Nikka is known throughout the world as one of Japan's largest Distilleries. They are responsible for some of the finest blended whiskies from Japan, and with their custom-made Coffey stills from Scotland, they produce smooth and balanced whiskies.
THE LEGACY
Nikka was founded in 1936 by Masataka Taketsuru, more commonly known as 'The father of Japanese Whiskies'. Taketsuru came back to Japan from Scotland in 1920 after having mastered the art of making whisky. His years of learning and experience at some of the finest distilleries in Scotland, Hazelburn among them, paid off as he became the man behind the foundation of the Yamazaki Distillery in 1923.

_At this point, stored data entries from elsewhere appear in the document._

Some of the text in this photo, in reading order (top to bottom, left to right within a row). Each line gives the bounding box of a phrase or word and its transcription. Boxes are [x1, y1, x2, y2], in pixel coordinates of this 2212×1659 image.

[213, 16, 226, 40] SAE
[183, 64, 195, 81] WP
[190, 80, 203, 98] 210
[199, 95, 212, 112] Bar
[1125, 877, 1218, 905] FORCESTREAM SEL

After years of building even more experience, Taketsuru finally opened his own distillery in 1934, at the start focussing on apple brandy. This distillery went by the name 'Dai Nippon Kaju', meaning as much as 'Great Japanese Juice Company'. When in 1940 the first whisky was released, its name was derived from Nippon Kaju, 'Nikka' for short.

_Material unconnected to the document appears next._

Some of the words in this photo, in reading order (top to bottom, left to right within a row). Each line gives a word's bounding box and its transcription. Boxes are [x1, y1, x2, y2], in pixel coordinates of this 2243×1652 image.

Over the years Nikka made quite a name for itself, and secured a solid position and reputation in the Japanese world of whisky. Even after the death of Masataka Taketsuru in 1985, Nikka distillery still bases all whiskies on the notes Taketsuru made in Scotland in the 1910s. With a bottle of Nikka, you are secured of a fruity, yet complex dram of high quality.
COFFEY STILLS
The distillery is mainly known for its use of Coffey – or column – stills. The main difference between Coffey and pot stills is the continuous flow of spirit in the Coffey stills. This means the product is much lighter and smoother than the spirit coming out of the pot still. Their Coffey single malt and Coffey Grain whiskies are amongst some of the smoothest Japanese whiskies you can find because of the purity of the spirit.
Since 2017 these famed Coffey stills are also being used to create other spirits, such as Vodka and Gin. Also these spirits benefit greatly from the use of Coffey stills, making them extremely smooth, but also – mainly for the gin – leaving lots of space for some of the typical Japanese flavours, such as Japanese citrus varietals (Yuzu, Kabosu, Amanatsu and Shequasar) as well as Sansho pepper. Also, as a small reminder of the Apple Brandy Nikka once produced, a pleasant touch of apples is noticeable in this gin.
COFFEY GIN COCKTAILS
Because of this silky, yet rich character, the gin lends itself perfectly for some fantastic cocktails. Especially combining this gin with slightly bitter or sour flavours results in a cocktail that can be drunk throughout the summer... and perhaps the rest of the year as well.
GIMLET
• 45 ml Nikka Coffey Gin
• 15 ml Fresh Lime Juice
• 10 ml Sugar Syrup
Pour the ingredients into a cocktail shaker with ice and add a small slice of lime zest. Shake and strain into a cocktail glass. Serve neat.
MARTINI
• 50 ml Nikka Coffey Gin
• 10 ml Dry Vermouth
Pour the ingredients into a mixing glass with ice cubes. Don't use crushed ice, as it melts much quicker and will dilute your cocktail. Stir and strain into a chilled Martini glass. Zest a lemon or lime, express the oils, and garnish with thin slices of green apple.
SALTY DOG
• 45 ml Nikka Coffey Gin
• 120 ml Grapefruit Juice
• Salt (You can use freshly ground Himalayan salt if you want... but don't feel obligated)
Salt the rim of the glass by wetting it with a wedge of the grapefruit and putting the glass upside down on the salt. Don't overdo this, nobody is waiting for a teaspoon of salt with every sip of their cocktail. Fill the glass halfway with crushed ice and pour the Coffey Gin an Grapefruit juice over it. Stir and enjoy.
RED SNAPPER
• 45 ml Nikka Coffey Gin
• 60 ml Tomato Juice
• 15 ml Soy Sauce
• 10 ml Lemon Juice
• 2 dash Tabasco (when using a spicy tomato juice, only 1 dash will suffice)
• 1 pinch of Salt & Pepper
Incorporate all ingredients into a shaker with ice and shake. Pour into a tumbler or high-ball, making sure to include the ice. Garnish with olive, celery and finish off a dash of Soy sauce.